> REQUIREMENT:
Below are records with pictures. Transcribe exactly, and only, the lines from the line with "this 1386×1386 image." to the line with "this 1618×1080 image.", both ends included, but not the pictures.

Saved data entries
· · · · · · ·
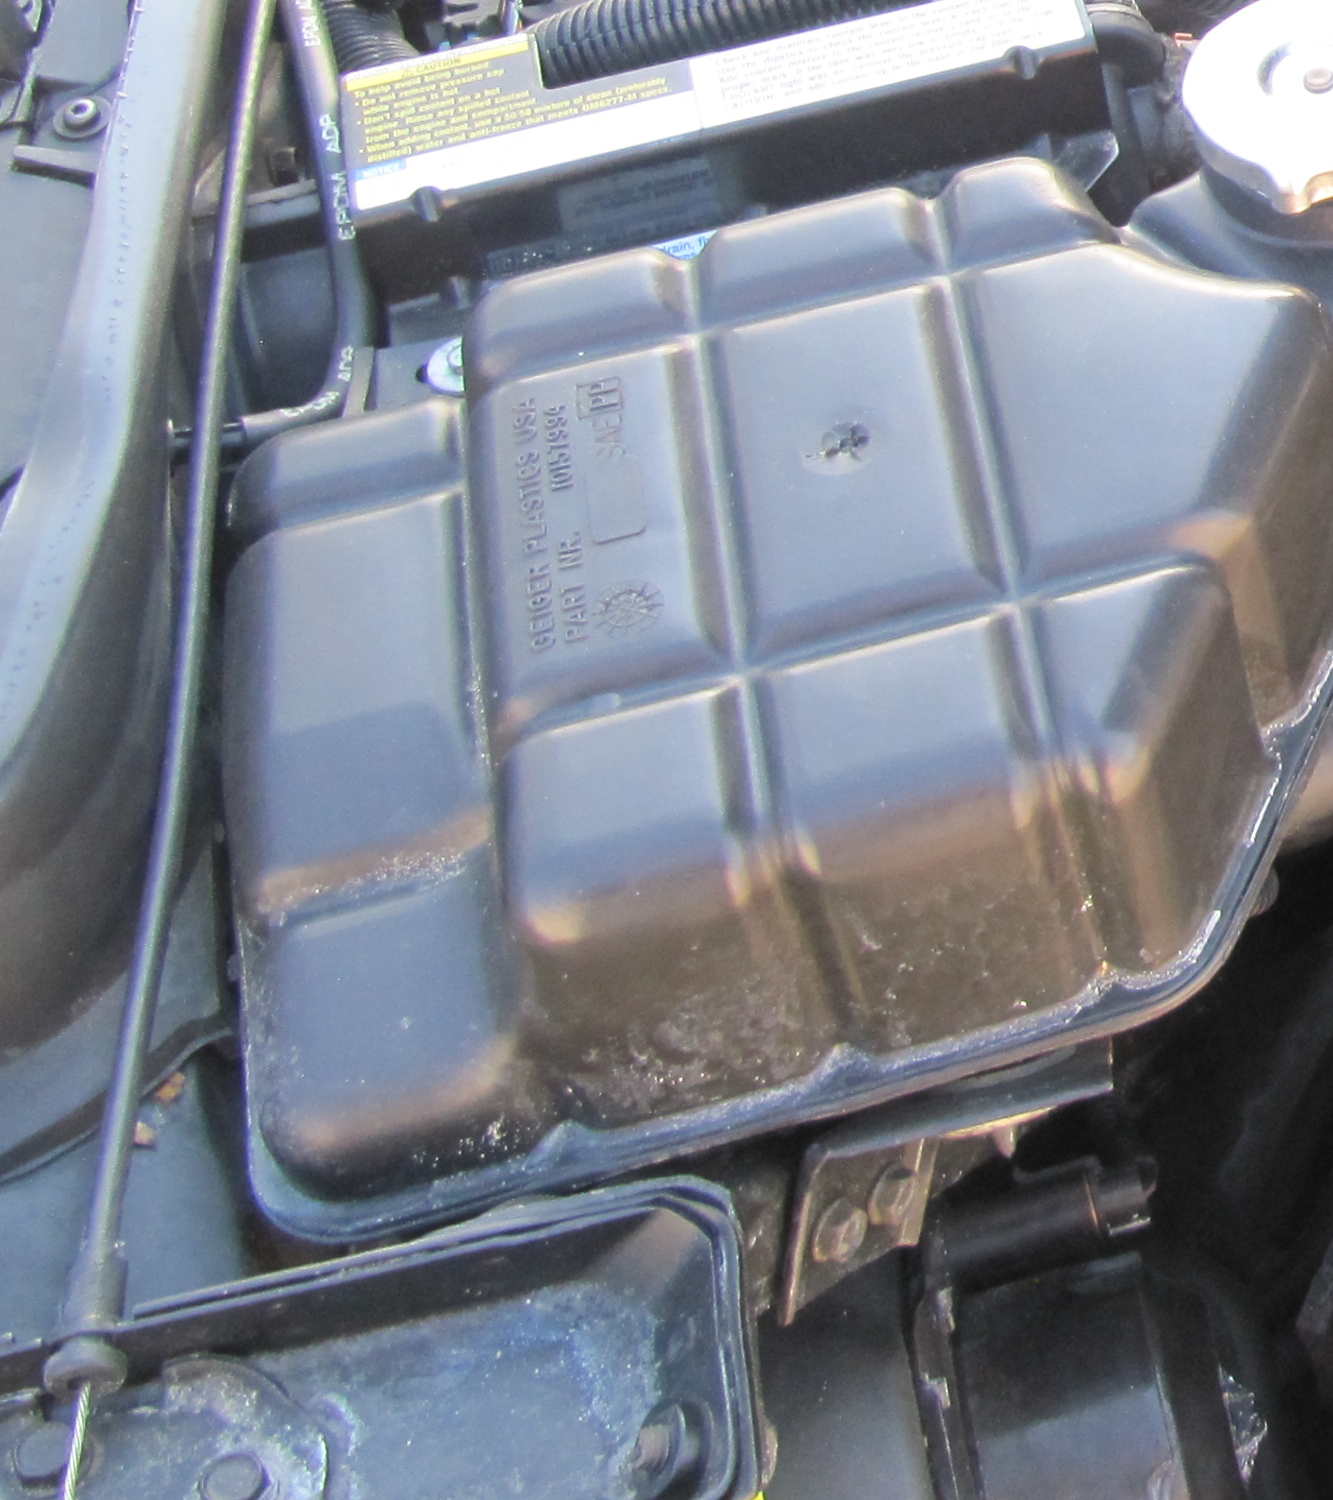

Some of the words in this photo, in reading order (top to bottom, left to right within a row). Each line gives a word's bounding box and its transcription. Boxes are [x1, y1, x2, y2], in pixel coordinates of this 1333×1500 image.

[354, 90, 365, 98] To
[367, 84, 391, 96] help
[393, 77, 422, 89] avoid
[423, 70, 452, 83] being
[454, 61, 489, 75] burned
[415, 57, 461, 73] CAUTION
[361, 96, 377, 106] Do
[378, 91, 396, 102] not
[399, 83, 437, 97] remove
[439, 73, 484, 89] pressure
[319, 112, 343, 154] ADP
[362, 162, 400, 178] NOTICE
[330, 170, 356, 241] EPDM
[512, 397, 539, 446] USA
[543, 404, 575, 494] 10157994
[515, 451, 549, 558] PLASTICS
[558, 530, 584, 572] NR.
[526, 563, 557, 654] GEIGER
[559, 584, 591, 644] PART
· · · · · · ·
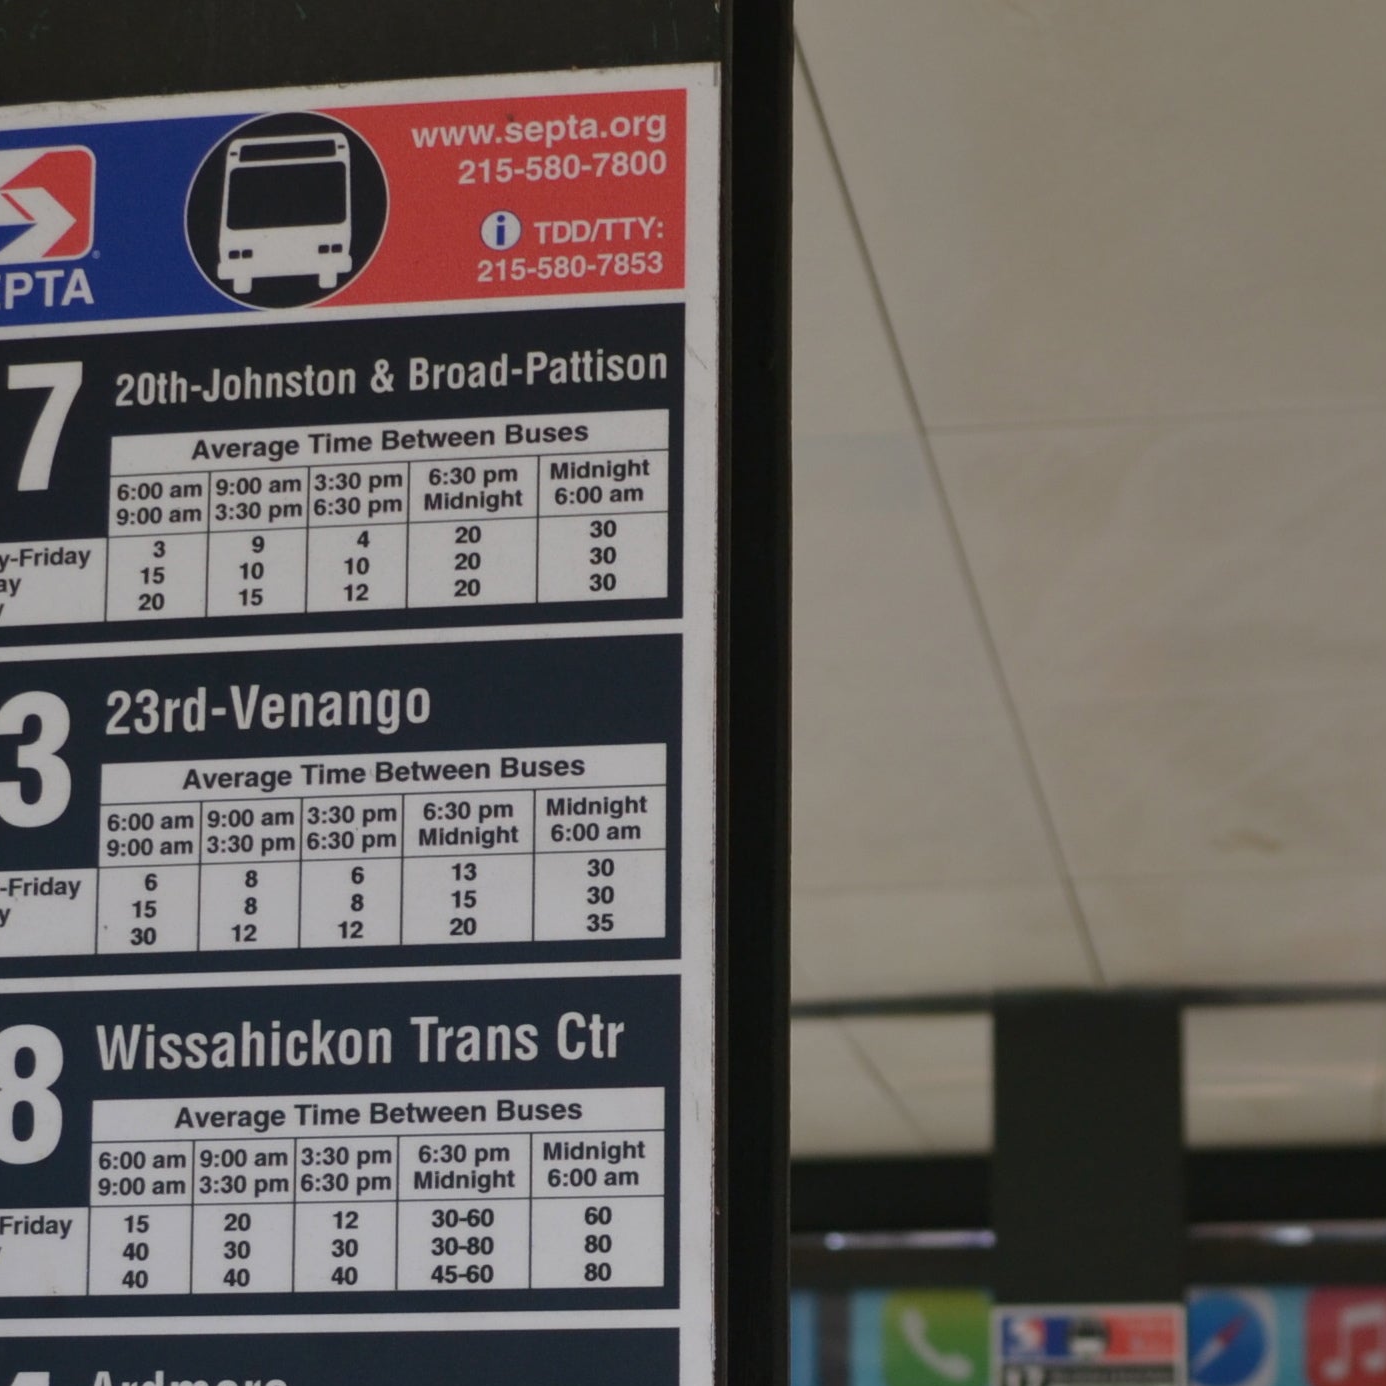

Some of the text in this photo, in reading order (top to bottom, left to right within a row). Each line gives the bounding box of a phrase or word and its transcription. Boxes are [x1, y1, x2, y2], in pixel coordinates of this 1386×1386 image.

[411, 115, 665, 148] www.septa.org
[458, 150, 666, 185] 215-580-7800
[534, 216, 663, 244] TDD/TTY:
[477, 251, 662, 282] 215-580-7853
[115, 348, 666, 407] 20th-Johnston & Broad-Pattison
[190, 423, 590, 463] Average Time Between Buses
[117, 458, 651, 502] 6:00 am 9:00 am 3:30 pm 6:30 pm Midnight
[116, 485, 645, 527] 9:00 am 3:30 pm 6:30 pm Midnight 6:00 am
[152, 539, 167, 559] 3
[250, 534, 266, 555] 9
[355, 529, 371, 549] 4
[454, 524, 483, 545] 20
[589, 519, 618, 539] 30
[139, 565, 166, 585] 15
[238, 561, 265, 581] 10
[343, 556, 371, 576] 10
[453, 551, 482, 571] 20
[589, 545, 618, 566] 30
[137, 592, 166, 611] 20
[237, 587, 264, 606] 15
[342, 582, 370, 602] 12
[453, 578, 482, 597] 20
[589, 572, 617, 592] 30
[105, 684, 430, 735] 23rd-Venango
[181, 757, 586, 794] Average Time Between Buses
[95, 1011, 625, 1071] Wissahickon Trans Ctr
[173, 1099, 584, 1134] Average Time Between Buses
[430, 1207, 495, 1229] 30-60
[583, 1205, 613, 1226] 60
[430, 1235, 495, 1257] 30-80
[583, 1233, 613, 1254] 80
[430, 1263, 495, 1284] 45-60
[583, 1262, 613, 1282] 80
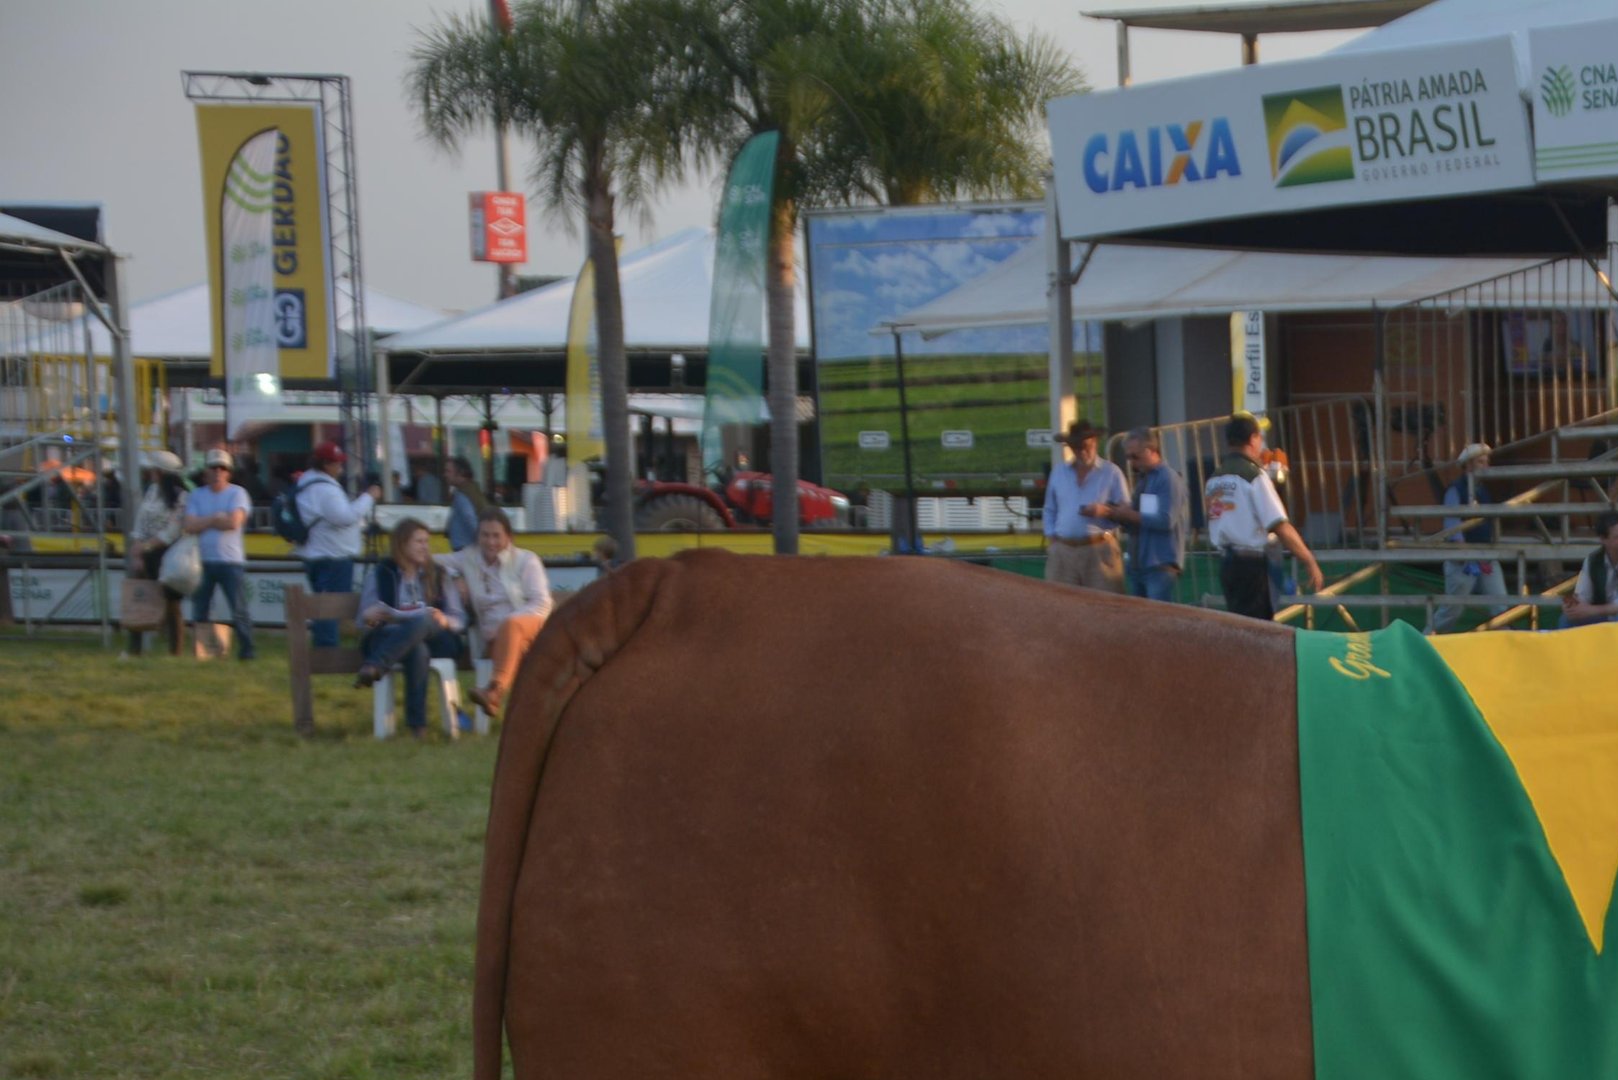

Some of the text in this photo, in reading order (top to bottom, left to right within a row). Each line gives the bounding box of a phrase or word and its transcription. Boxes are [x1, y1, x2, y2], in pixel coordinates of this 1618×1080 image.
· · · · · · ·
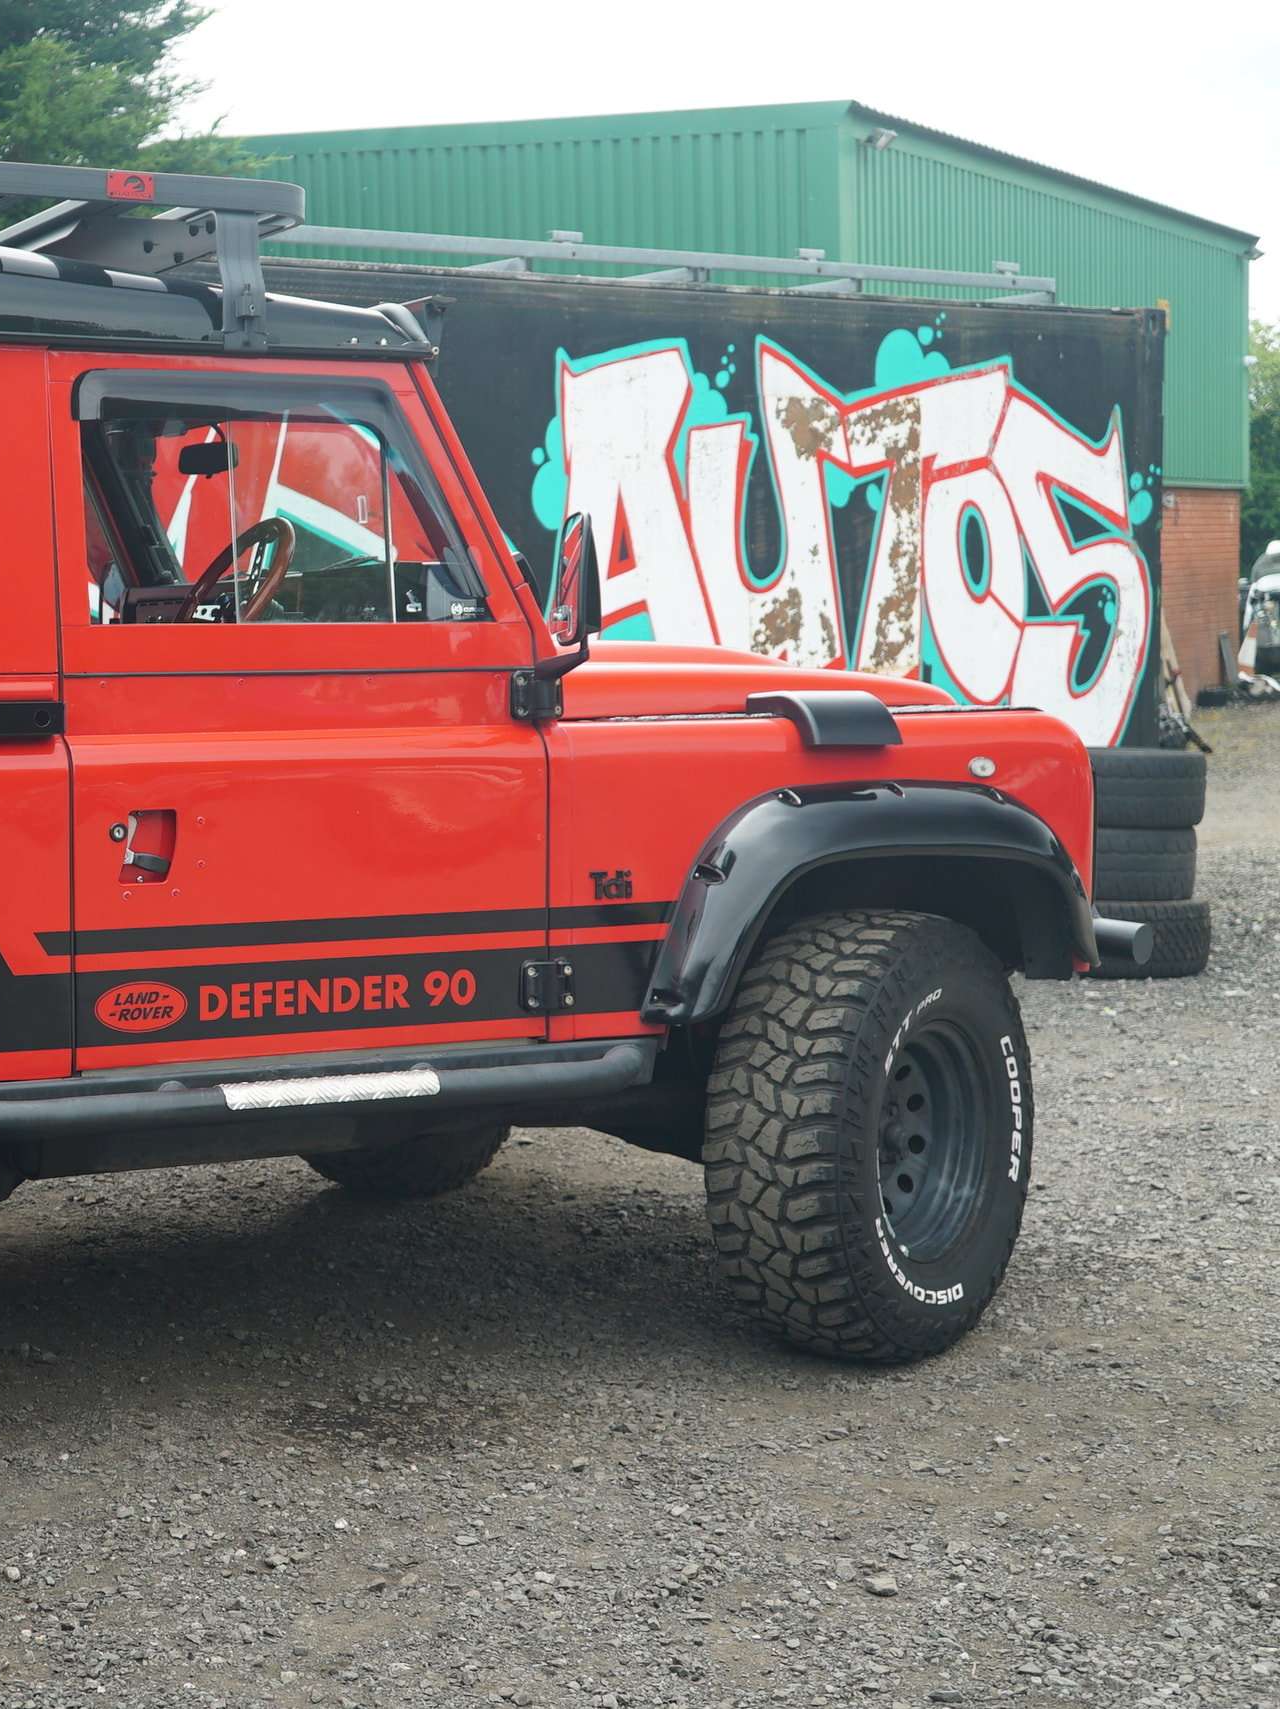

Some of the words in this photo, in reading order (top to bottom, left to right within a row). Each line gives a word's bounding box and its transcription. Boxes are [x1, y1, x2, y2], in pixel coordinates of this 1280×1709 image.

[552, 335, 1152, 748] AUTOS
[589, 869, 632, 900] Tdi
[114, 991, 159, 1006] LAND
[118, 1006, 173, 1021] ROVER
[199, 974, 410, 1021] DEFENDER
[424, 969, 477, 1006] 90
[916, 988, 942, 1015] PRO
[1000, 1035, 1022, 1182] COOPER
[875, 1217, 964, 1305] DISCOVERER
· · · · · · ·
> REPLY TO THE TASK:
Some of the text in this photo, in reading order (top to bottom, left to right within a row). Each line gives the bounding box of a phrase or word and its transcription. Boxes are [x1, y1, x2, y2], in pixel coordinates of this 1386×1386 image.

[411, 115, 665, 148] www.septa.org
[458, 150, 666, 185] 215-580-7800
[534, 216, 663, 244] TDD/TTY:
[477, 251, 662, 282] 215-580-7853
[115, 348, 666, 407] 20th-Johnston & Broad-Pattison
[190, 423, 590, 463] Average Time Between Buses
[117, 458, 651, 502] 6:00 am 9:00 am 3:30 pm 6:30 pm Midnight
[116, 485, 645, 527] 9:00 am 3:30 pm 6:30 pm Midnight 6:00 am
[152, 539, 167, 559] 3
[250, 534, 266, 555] 9
[355, 529, 371, 549] 4
[454, 524, 483, 545] 20
[589, 519, 618, 539] 30
[139, 565, 166, 585] 15
[238, 561, 265, 581] 10
[343, 556, 371, 576] 10
[453, 551, 482, 571] 20
[589, 545, 618, 566] 30
[137, 592, 166, 611] 20
[237, 587, 264, 606] 15
[342, 582, 370, 602] 12
[453, 578, 482, 597] 20
[589, 572, 617, 592] 30
[105, 684, 430, 735] 23rd-Venango
[181, 757, 586, 794] Average Time Between Buses
[95, 1011, 625, 1071] Wissahickon Trans Ctr
[173, 1099, 584, 1134] Average Time Between Buses
[430, 1207, 495, 1229] 30-60
[583, 1205, 613, 1226] 60
[430, 1235, 495, 1257] 30-80
[583, 1233, 613, 1254] 80
[430, 1263, 495, 1284] 45-60
[583, 1262, 613, 1282] 80

Some of the text in this photo, in reading order (top to bottom, left to right within a row). Each line gives the bounding box of a phrase or word and its transcription. Boxes are [x1, y1, x2, y2], in pixel coordinates of this 1618×1080 image.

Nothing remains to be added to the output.